Return the entries exactly. Images are not part of the copy.

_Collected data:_
:::::

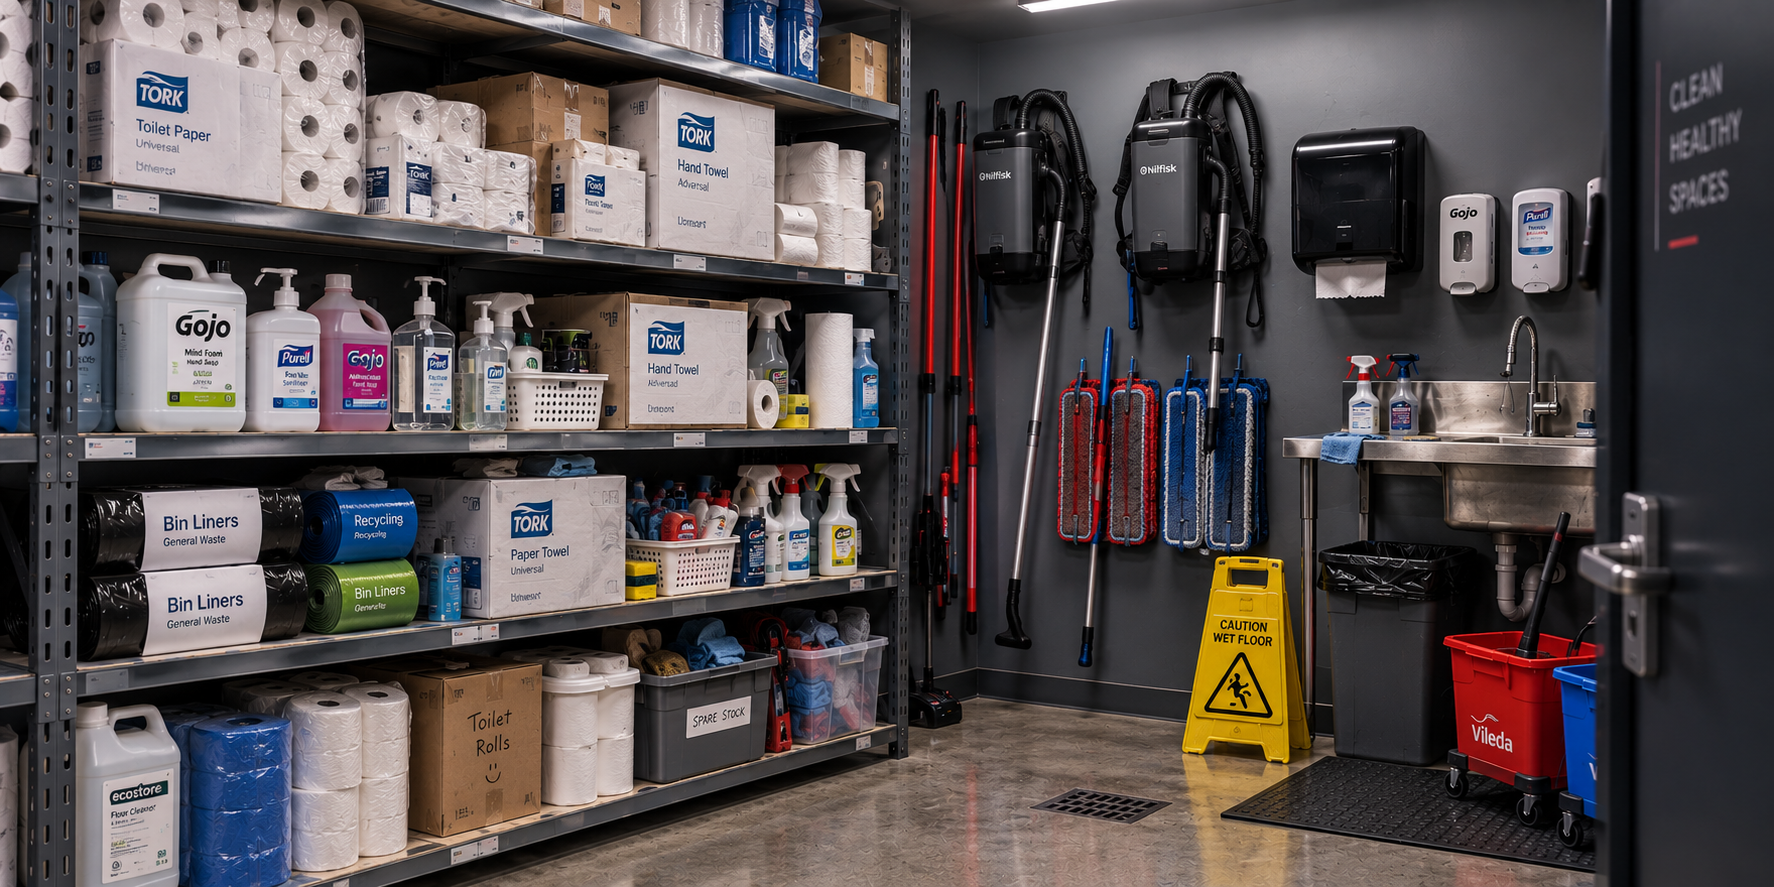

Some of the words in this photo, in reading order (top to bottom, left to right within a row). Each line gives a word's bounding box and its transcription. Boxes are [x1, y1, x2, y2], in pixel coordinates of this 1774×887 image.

[139, 83, 185, 108] TORK
[1669, 61, 1723, 112] CLEAN
[135, 118, 171, 137] Toilet
[174, 124, 212, 143] Paper
[680, 124, 713, 147] TORK
[1669, 107, 1743, 163] HEALTHY
[135, 138, 180, 154] Universal
[677, 158, 702, 174] Hand
[703, 163, 729, 179] Towel
[985, 170, 1012, 181] Nilfisk
[1147, 163, 1177, 175] Nilfisk
[1669, 168, 1729, 214] SPACES
[1449, 206, 1478, 220] Gojo
[175, 313, 231, 343] Gojo
[649, 332, 682, 350] TORK
[281, 350, 310, 364] Purell
[647, 362, 672, 375] Hand
[674, 363, 700, 376] Towel
[163, 516, 189, 532] Bin
[193, 514, 239, 531] Liners
[353, 512, 404, 528] Recycling
[513, 513, 550, 533] TORK
[163, 536, 198, 547] General
[199, 534, 226, 545] Waste
[510, 548, 540, 561] Paper
[541, 545, 570, 559] Towel
[510, 564, 545, 576] Universal
[354, 586, 372, 600] Bin
[374, 584, 406, 598] Liners
[167, 597, 193, 614] Bin
[197, 593, 244, 611] Liners
[166, 619, 202, 630] General
[203, 614, 231, 626] Waste
[1219, 619, 1268, 633] CAUTION
[1212, 632, 1236, 644] WET
[1237, 634, 1273, 647] FLOOR
[467, 708, 513, 732] Toilet
[692, 711, 718, 728] SPARE
[722, 706, 746, 721] STOCK
[476, 734, 510, 757] Rolls
[1471, 723, 1514, 753] Vileda
[112, 783, 163, 802] ecostore
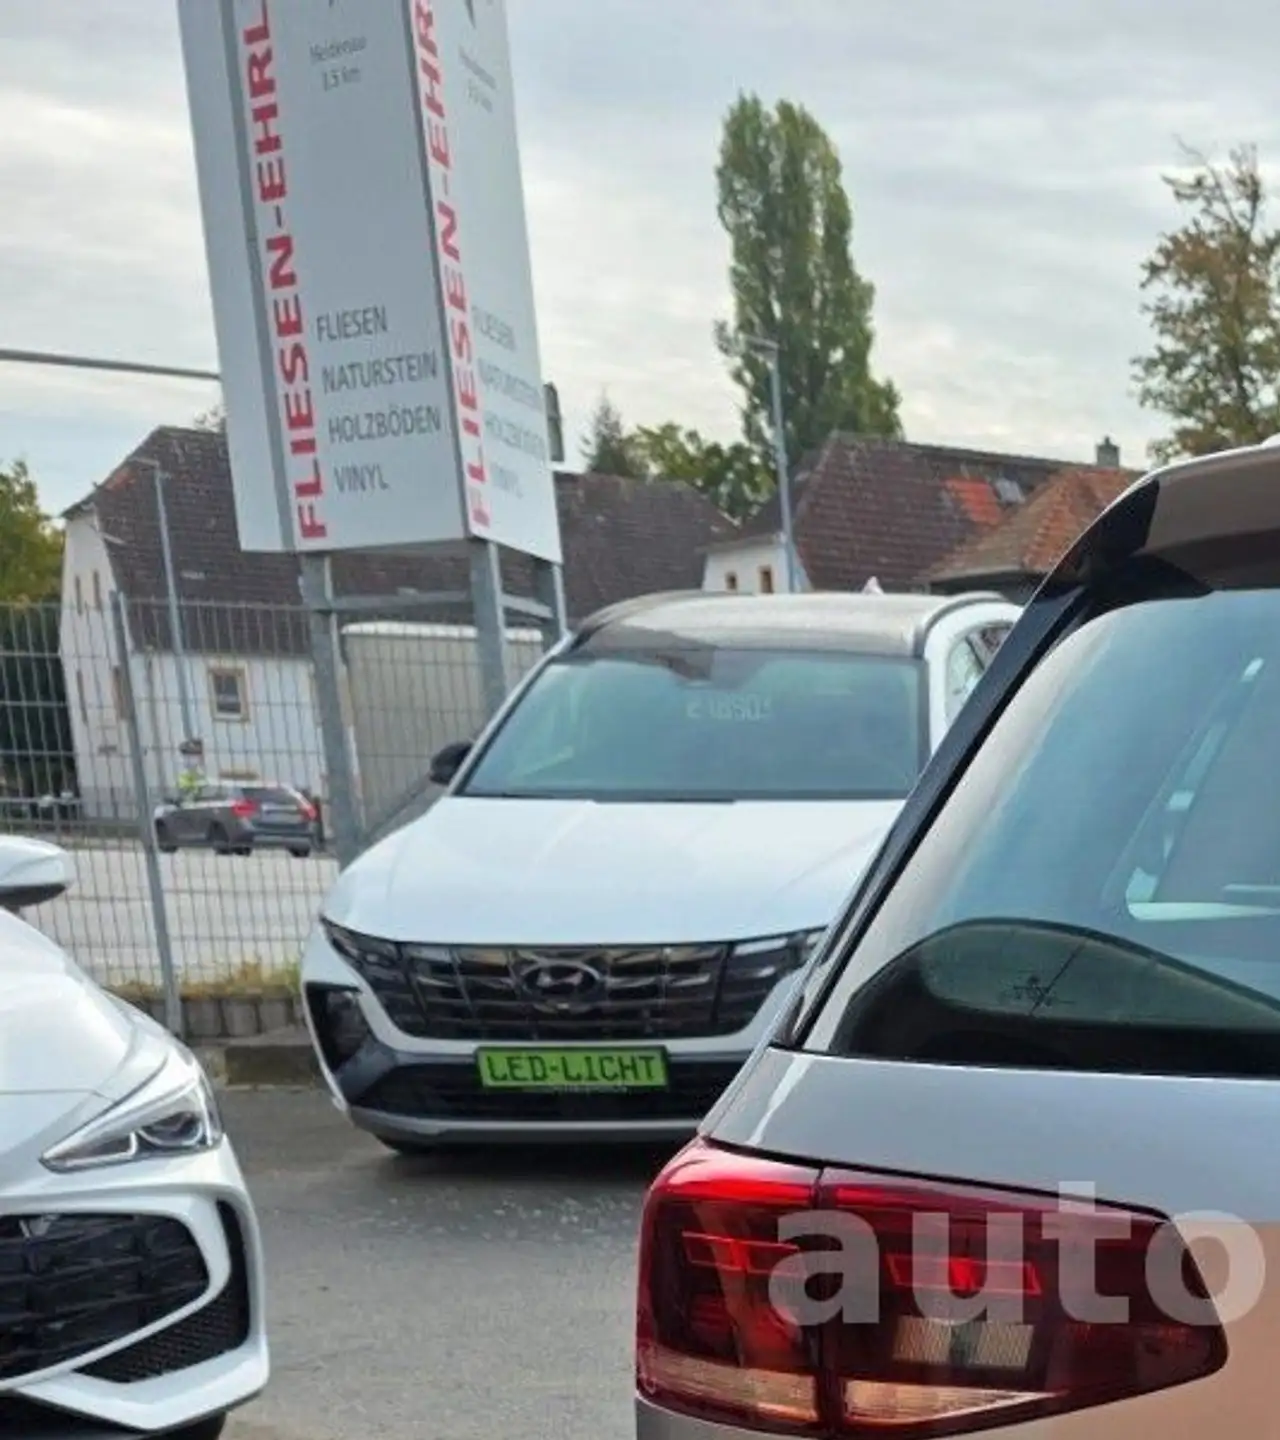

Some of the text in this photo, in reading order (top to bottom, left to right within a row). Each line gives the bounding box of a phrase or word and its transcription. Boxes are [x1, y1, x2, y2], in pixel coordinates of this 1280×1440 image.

[316, 306, 389, 342] FLIESEN
[322, 351, 438, 395] NATURSTEIN
[328, 404, 441, 445] HOLZBÖDEN
[333, 463, 390, 494] VINYL
[486, 1055, 655, 1082] LED-LICHT
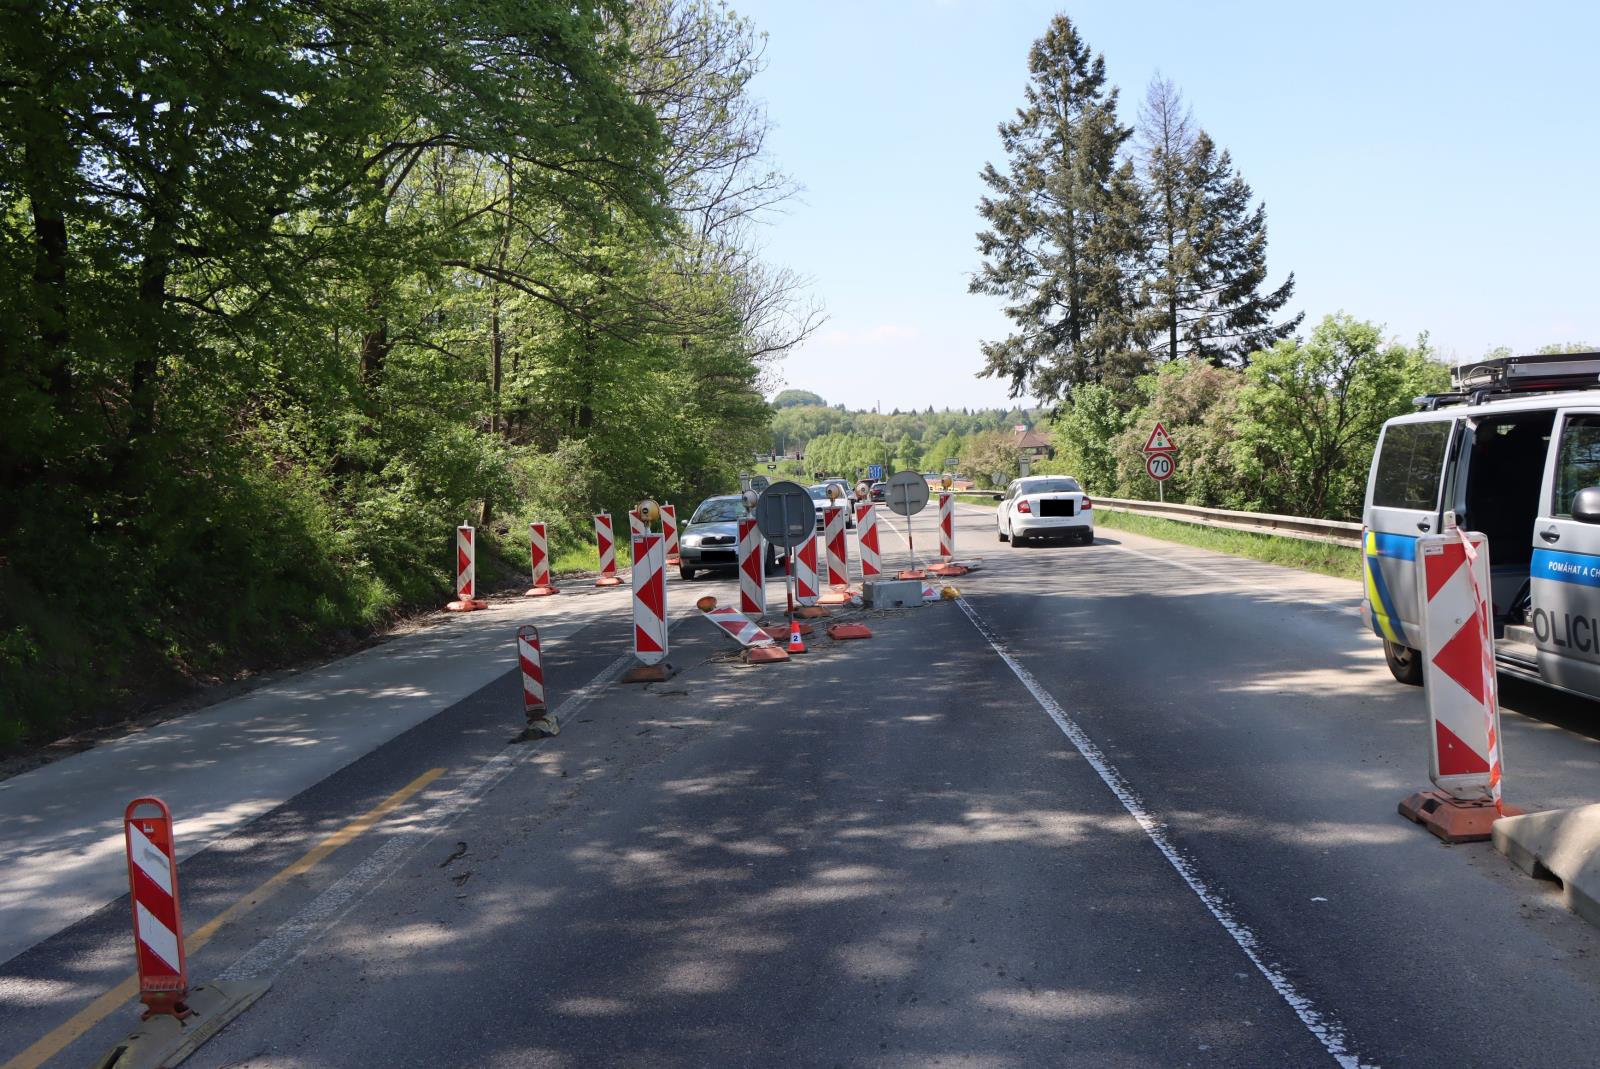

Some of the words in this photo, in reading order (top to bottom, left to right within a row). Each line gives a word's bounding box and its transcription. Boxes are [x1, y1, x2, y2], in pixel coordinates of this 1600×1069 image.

[1152, 460, 1169, 473] 70
[1548, 561, 1582, 575] POMÁHAT
[1582, 567, 1588, 577] A

:::::

_SOLUTION TO THE EXERCISE:_
Some of the words in this photo, in reading order (top to bottom, left to right within a row). Each line gives a word's bounding box and its transcription. Boxes are [x1, y1, x2, y2], in pixel coordinates of this 1774×887 image.

[139, 83, 185, 108] TORK
[1669, 61, 1723, 112] CLEAN
[135, 118, 171, 137] Toilet
[174, 124, 212, 143] Paper
[680, 124, 713, 147] TORK
[1669, 107, 1743, 163] HEALTHY
[135, 138, 180, 154] Universal
[677, 158, 702, 174] Hand
[703, 163, 729, 179] Towel
[985, 170, 1012, 181] Nilfisk
[1147, 163, 1177, 175] Nilfisk
[1669, 168, 1729, 214] SPACES
[1449, 206, 1478, 220] Gojo
[175, 313, 231, 343] Gojo
[649, 332, 682, 350] TORK
[281, 350, 310, 364] Purell
[647, 362, 672, 375] Hand
[674, 363, 700, 376] Towel
[163, 516, 189, 532] Bin
[193, 514, 239, 531] Liners
[353, 512, 404, 528] Recycling
[513, 513, 550, 533] TORK
[163, 536, 198, 547] General
[199, 534, 226, 545] Waste
[510, 548, 540, 561] Paper
[541, 545, 570, 559] Towel
[510, 564, 545, 576] Universal
[354, 586, 372, 600] Bin
[374, 584, 406, 598] Liners
[167, 597, 193, 614] Bin
[197, 593, 244, 611] Liners
[166, 619, 202, 630] General
[203, 614, 231, 626] Waste
[1219, 619, 1268, 633] CAUTION
[1212, 632, 1236, 644] WET
[1237, 634, 1273, 647] FLOOR
[467, 708, 513, 732] Toilet
[692, 711, 718, 728] SPARE
[722, 706, 746, 721] STOCK
[476, 734, 510, 757] Rolls
[1471, 723, 1514, 753] Vileda
[112, 783, 163, 802] ecostore

Some of the text in this photo, in reading order (top to bottom, left to right within a row). Each line gives the bounding box of a phrase or word and its transcription. Boxes are [x1, y1, x2, y2], in pixel coordinates of this 1280×1440 image.

[316, 306, 389, 342] FLIESEN
[322, 351, 438, 395] NATURSTEIN
[328, 404, 441, 445] HOLZBÖDEN
[333, 463, 390, 494] VINYL
[486, 1055, 655, 1082] LED-LICHT

Some of the words in this photo, in reading order (top to bottom, left to right within a row). Each line gives a word's bounding box and its transcription. Boxes are [x1, y1, x2, y2], in pixel coordinates of this 1600×1069 image.

[1152, 460, 1169, 473] 70
[1548, 561, 1582, 575] POMÁHAT
[1582, 567, 1588, 577] A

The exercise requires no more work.